Il y a quelques semaines, j’ai rencontré Rachel, une jeune femme de même pas 30 ans. Elle habite dans la rue depuis août 2017, mise à la porte de son logement HLM car elle n’entrait pas dans les critères prioritaires (pas enceinte, pas d’enfants, célibataire…). Rachel ne boit pas et ne fume pas. Rachel n’a plus ses parents et aimerait trouver un emploi. Seulement, trouver un emploi sans logement n’est pas facile pour elle… Elle essaie chaque jour de réunir une trentaine de livres pour se payer un air bnb. Cet argent ne comprend même pas ses repas… Quand elle n’a pas d’argent, elle dort dans un parking. La police peut la déloger s’il y a déjà « trop » de SDF dans le même coin. Mon compagnon a recroisé Rachel il y a quelques jours: des junkies lui avait volé son sac de couchage…

Je n’ai pas vu Rachel depuis deux semaines. Entre-deux, je lui ai concocté une petite trousse sur une idée de Coralie.

A 0:58 min

Dans sa trousse, j’y ai mis tout mon coeur mais aussi :

  • des pansements
  • du doliprane
  • du dentifrice
  • du shampoing solide
  • un savon
  • un gel douche
  • une crème pour les mains
  • un baume à lèvres
  • une fourchette en bois
  • une serviette en tissus
  • une serviette de toilette

Cela ne m’a pas coûté, j’ai pris des choses que j’avais chez moi et que je n’utilisais pas.

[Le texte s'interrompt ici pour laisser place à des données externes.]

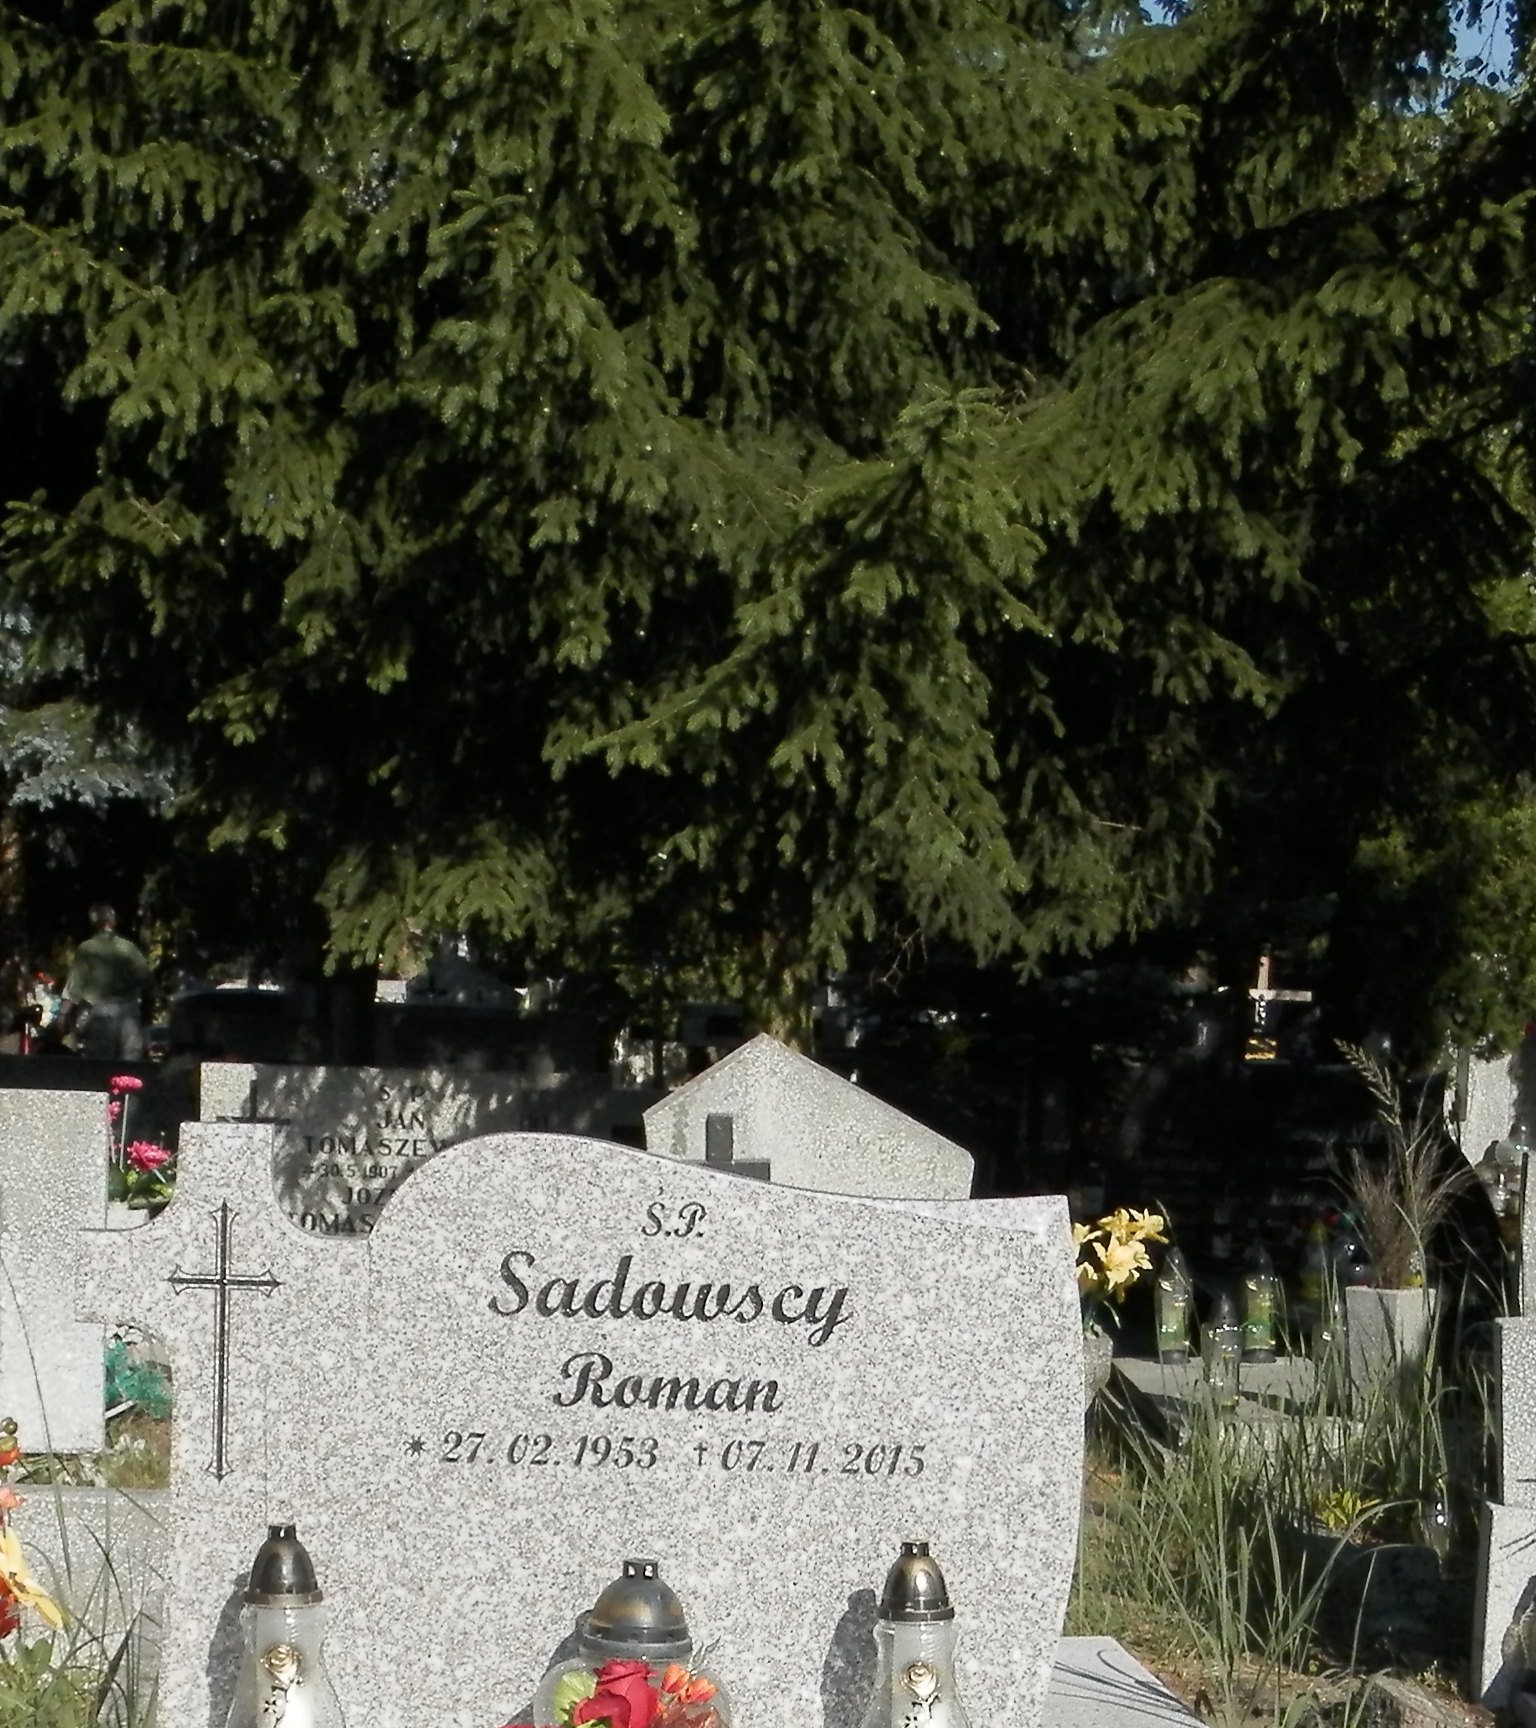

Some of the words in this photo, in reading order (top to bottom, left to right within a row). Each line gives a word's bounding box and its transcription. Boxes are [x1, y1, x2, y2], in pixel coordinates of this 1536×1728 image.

[377, 1110, 426, 1130] JAN
[487, 1250, 854, 1347] Sadowscy
[552, 1352, 781, 1413] Roman

J’emporte cette trousse chaque jour dans mon sac dans l’espoir de revoir Rachel et de  la lui donner. Pour le moment, je n’ai pas encore eu de chance. Du coup, dès que je trouve un petit quelque-chose, j’en profite pour compléter et agrandir cette petite trousse.

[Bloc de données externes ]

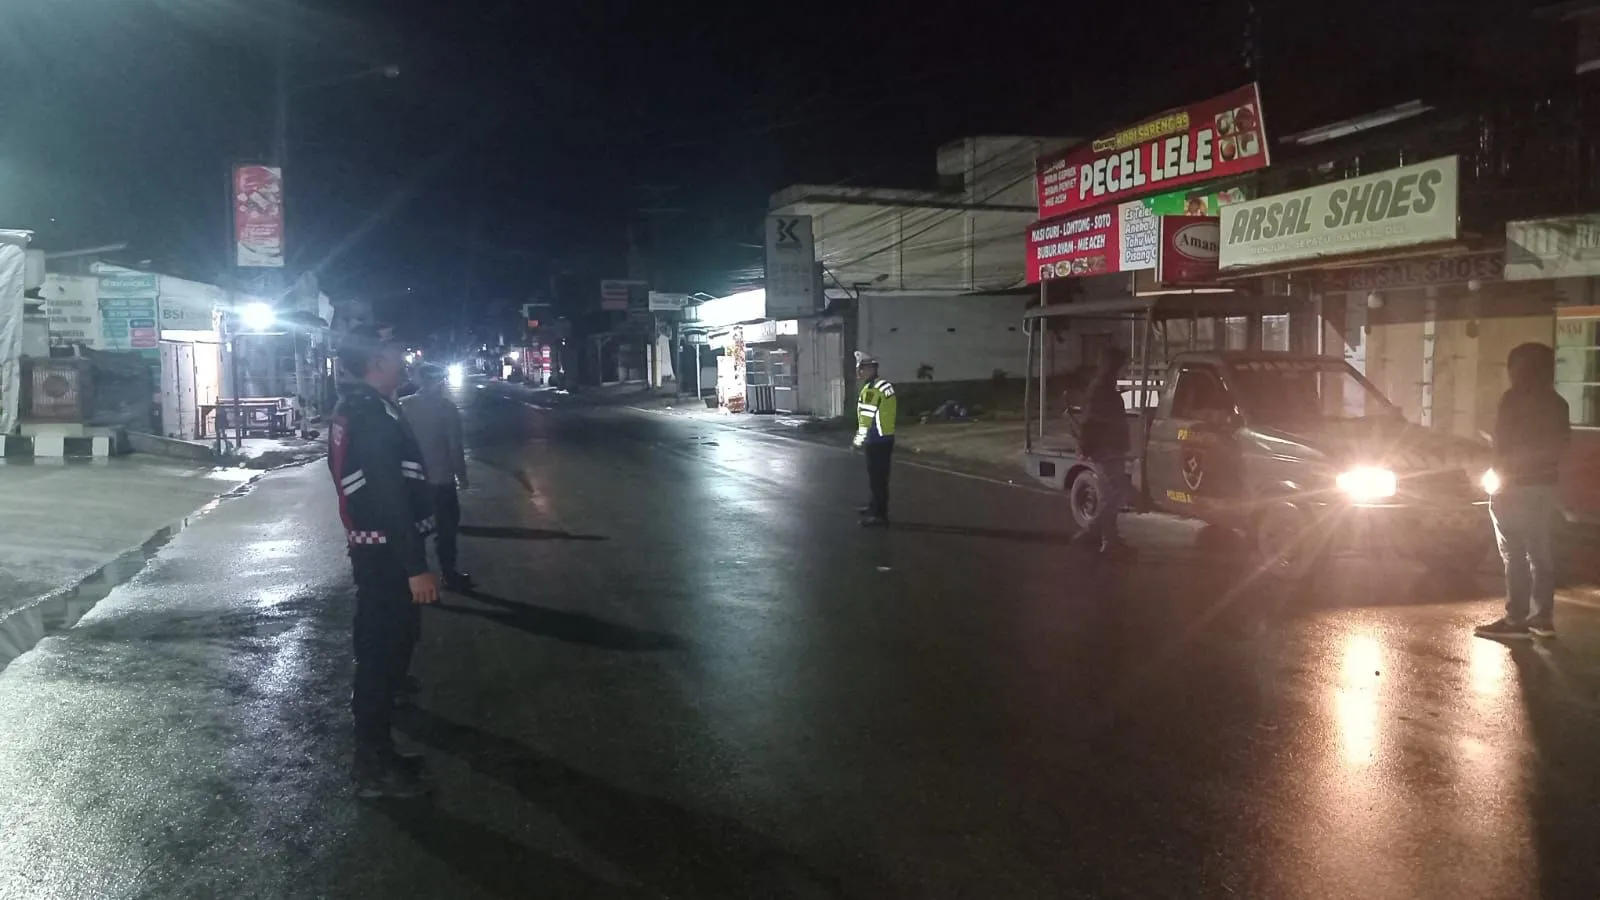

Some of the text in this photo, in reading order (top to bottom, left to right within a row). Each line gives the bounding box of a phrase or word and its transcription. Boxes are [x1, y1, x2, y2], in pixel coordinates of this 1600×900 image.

[1079, 128, 1213, 200] PECEL LELE
[1228, 168, 1442, 245] ARSAL SHOES
[1094, 213, 1111, 229] SOTO
[1037, 243, 1057, 259] BUBUR
[1077, 237, 1089, 252] MIE
[1089, 233, 1106, 249] ACEH
[1125, 235, 1143, 248] Tahu
[1125, 249, 1150, 264] Pisang
[163, 308, 184, 320] BSI

Je n’écris pas cet article pour me jeter des fleurs: je ne raconte jamais ce que je fais pour les autres. Quand je fais un geste, je ne cherche aucun merci ni aucune approbation. Je n’ai pas non plus écrit cet article pour culpabiliser quiconque. Mais si ce récit peut vous inspirer et faire une différence, cela me ferait chaud au coeur.

Prenez soin de vous et passez le relais.